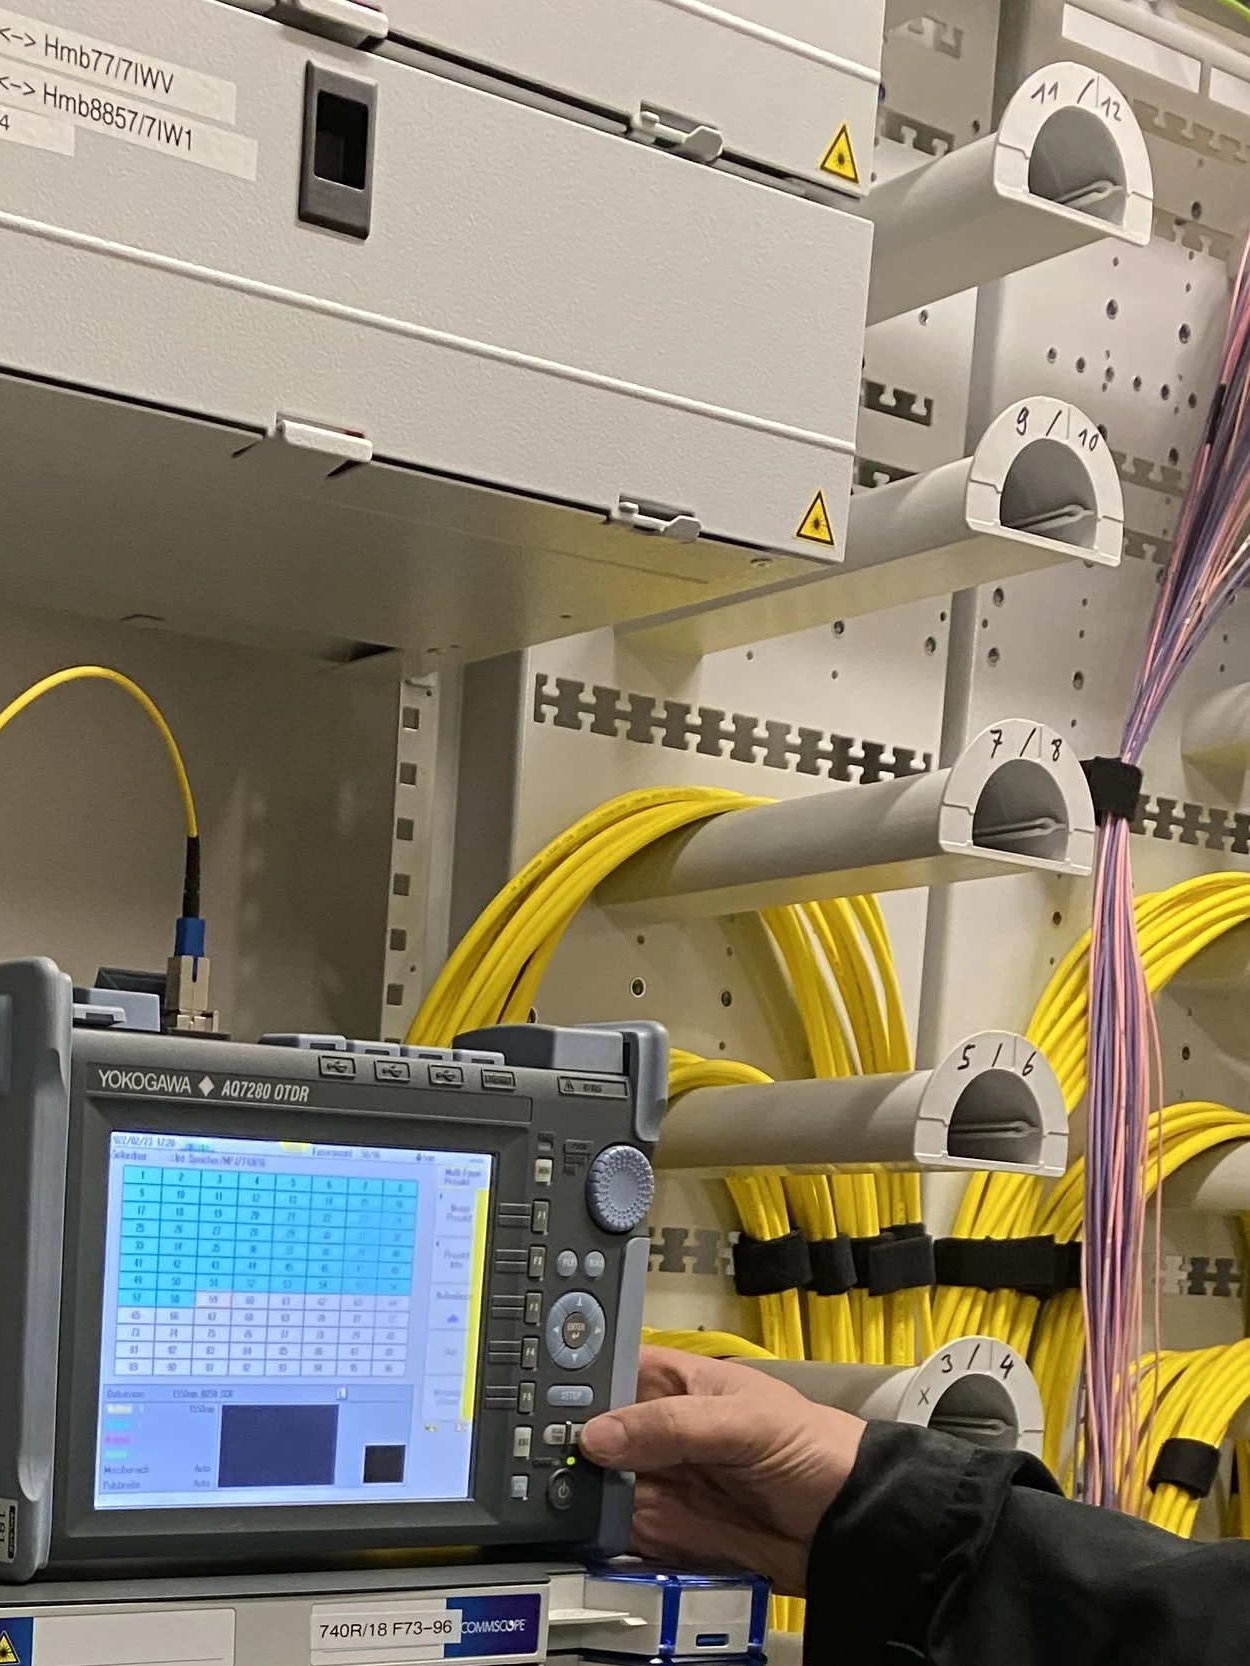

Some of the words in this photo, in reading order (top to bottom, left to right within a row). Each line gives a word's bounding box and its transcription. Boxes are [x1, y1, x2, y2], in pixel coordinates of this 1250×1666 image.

[44, 34, 174, 94] Hmb77/7IWV
[43, 82, 192, 151] Hmb8857/7IW1
[98, 1069, 191, 1094] YOKOGAWA
[221, 1080, 271, 1100] AQ7280
[274, 1084, 309, 1102] OTDR
[537, 1211, 546, 1220] F1
[533, 1256, 543, 1265] F2
[529, 1302, 539, 1311] F3
[567, 1322, 585, 1331] ENTER
[526, 1347, 535, 1356] F4
[522, 1392, 531, 1401] F5
[319, 1622, 388, 1639] 740R/18
[392, 1619, 453, 1636] F73-96
[461, 1618, 526, 1634] COMMSCOPE

━━━━━━━━━━━━━━━━━━━━

> EXERCISE DETAILS
An exact transcription of the data above is needed, without the pictures.

> SOLUTION TO THE EXERCISE
Some of the words in this photo, in reading order (top to bottom, left to right within a row). Each line gives a word's bounding box and its transcription. Boxes are [x1, y1, x2, y2], in pixel coordinates of this 1250×1666 image.

[44, 34, 174, 94] Hmb77/7IWV
[43, 82, 192, 151] Hmb8857/7IW1
[98, 1069, 191, 1094] YOKOGAWA
[221, 1080, 271, 1100] AQ7280
[274, 1084, 309, 1102] OTDR
[537, 1211, 546, 1220] F1
[533, 1256, 543, 1265] F2
[529, 1302, 539, 1311] F3
[567, 1322, 585, 1331] ENTER
[526, 1347, 535, 1356] F4
[522, 1392, 531, 1401] F5
[319, 1622, 388, 1639] 740R/18
[392, 1619, 453, 1636] F73-96
[461, 1618, 526, 1634] COMMSCOPE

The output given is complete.